Es particularmente triste ver lo que está sucediendo en los Estados Unidos. Es el país donde nacieron mi padre y mis hijos, aunque yo no. Desde niño he crecido con la cultura americana, estudiando en el American School, hablando con mi abuelo Berry, quien heredó la pesadilla de mi primer nombre: Manville George. Mi tío Jorge, hermano de mi padre, que perdió un brazo en la Segunda Guerra Mundial, y mi padre, que pasó gran parte de su vida en la cabina del B-52 que voló en la misma guerra.
Uno de mis primeros recuerdos es la consternación causada por la muerte del presidente John Kennedy en 1963. Siempre he admirado la capacidad del pueblo estadounidense para superar esa tragedia y cumplir la promesa del líder caído de llegar a la Luna antes del final de la década. .

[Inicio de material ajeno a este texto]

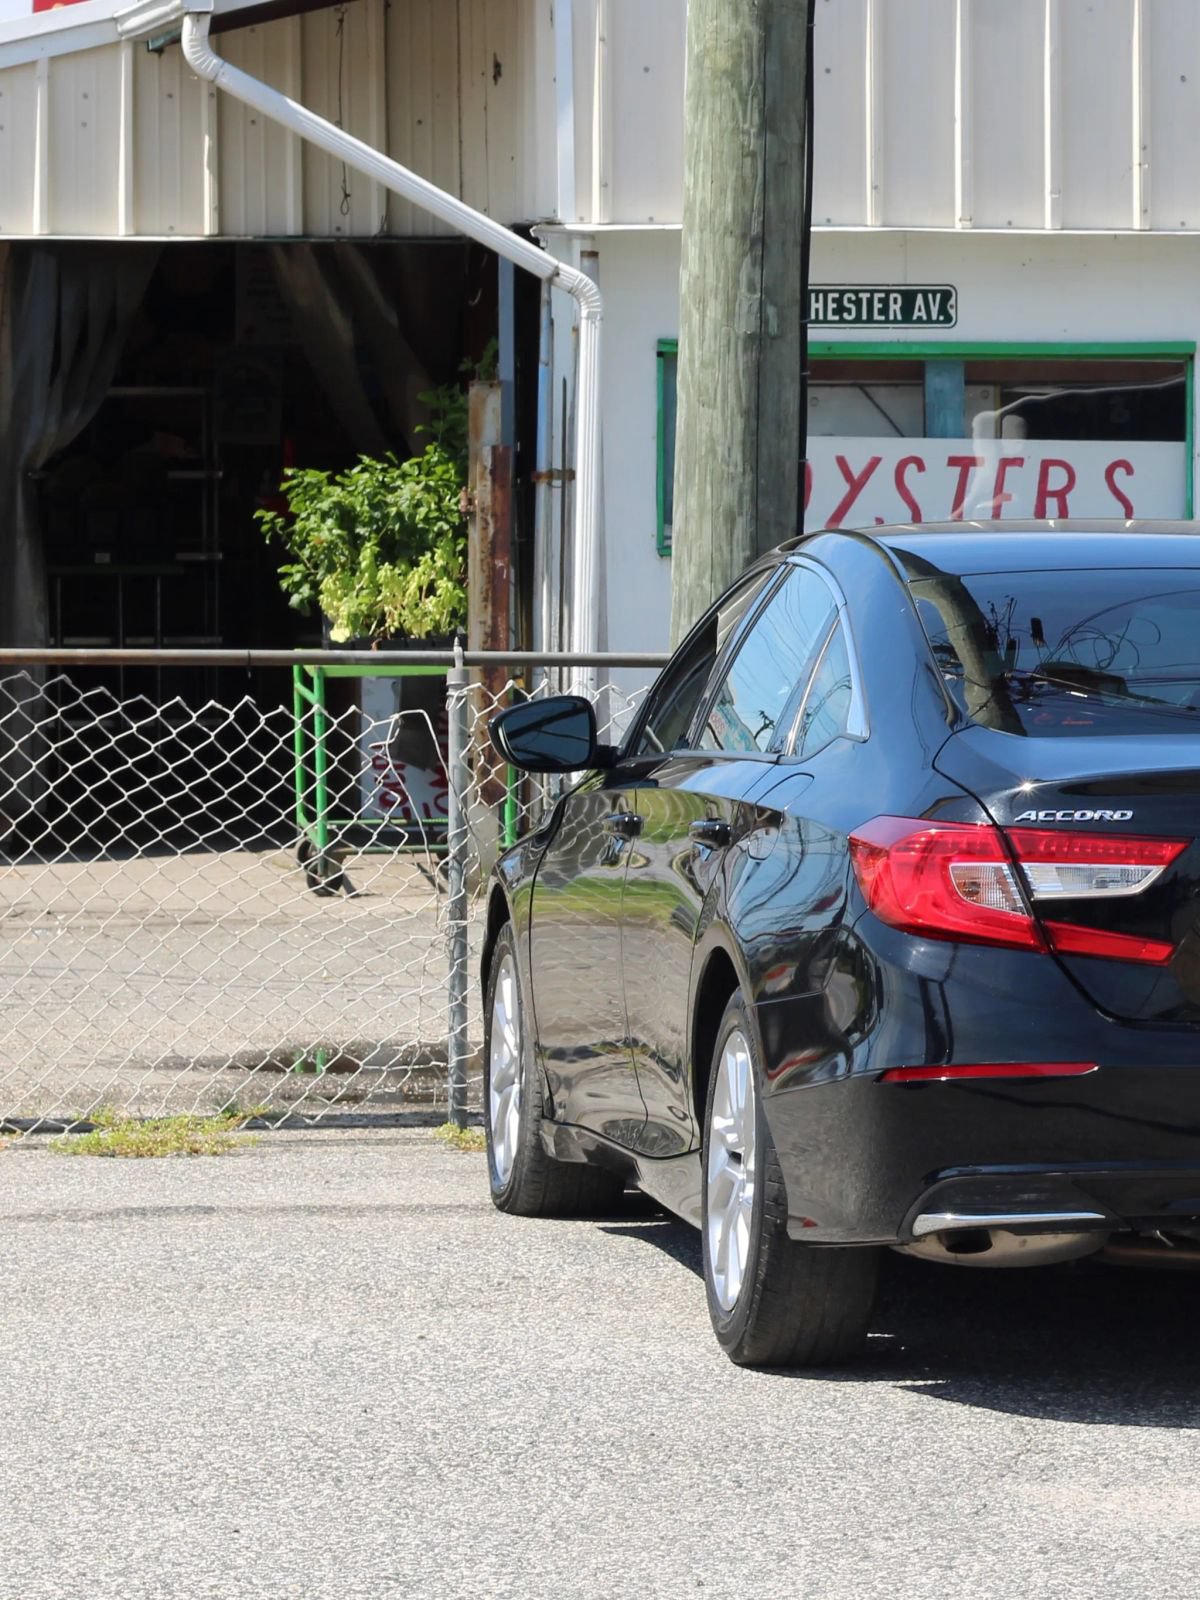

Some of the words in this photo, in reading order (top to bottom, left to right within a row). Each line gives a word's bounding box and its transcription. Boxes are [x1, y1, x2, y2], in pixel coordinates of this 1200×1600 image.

El presidente Lyndon Johnson, contra viento y marea, aprobó una ley de derechos civiles que puso fin, o eso pensábamos, a la intolerable discriminación racial. Luego vinieron los años oscuros de Richard Nixon, en los que el estado de derecho se deterioró por órdenes presidenciales. Con Clinton, los Bush y Obama, el barco pareció enderezarse y se restableció el pacto social. Todos sabían que las tensiones raciales estaban justo debajo de la superficie, pero las cosas parecían avanzar positivamente.
Entonces apareció Donald J. Trump. Todavía no puedo explicar cómo ganó las elecciones presidenciales de 2016, pero los errores de Hillary Clinton, más que los éxitos de Trump, lo llevaron a la Casa Blanca. Ahí es donde comenzó la infección, y no han encontrado una cura.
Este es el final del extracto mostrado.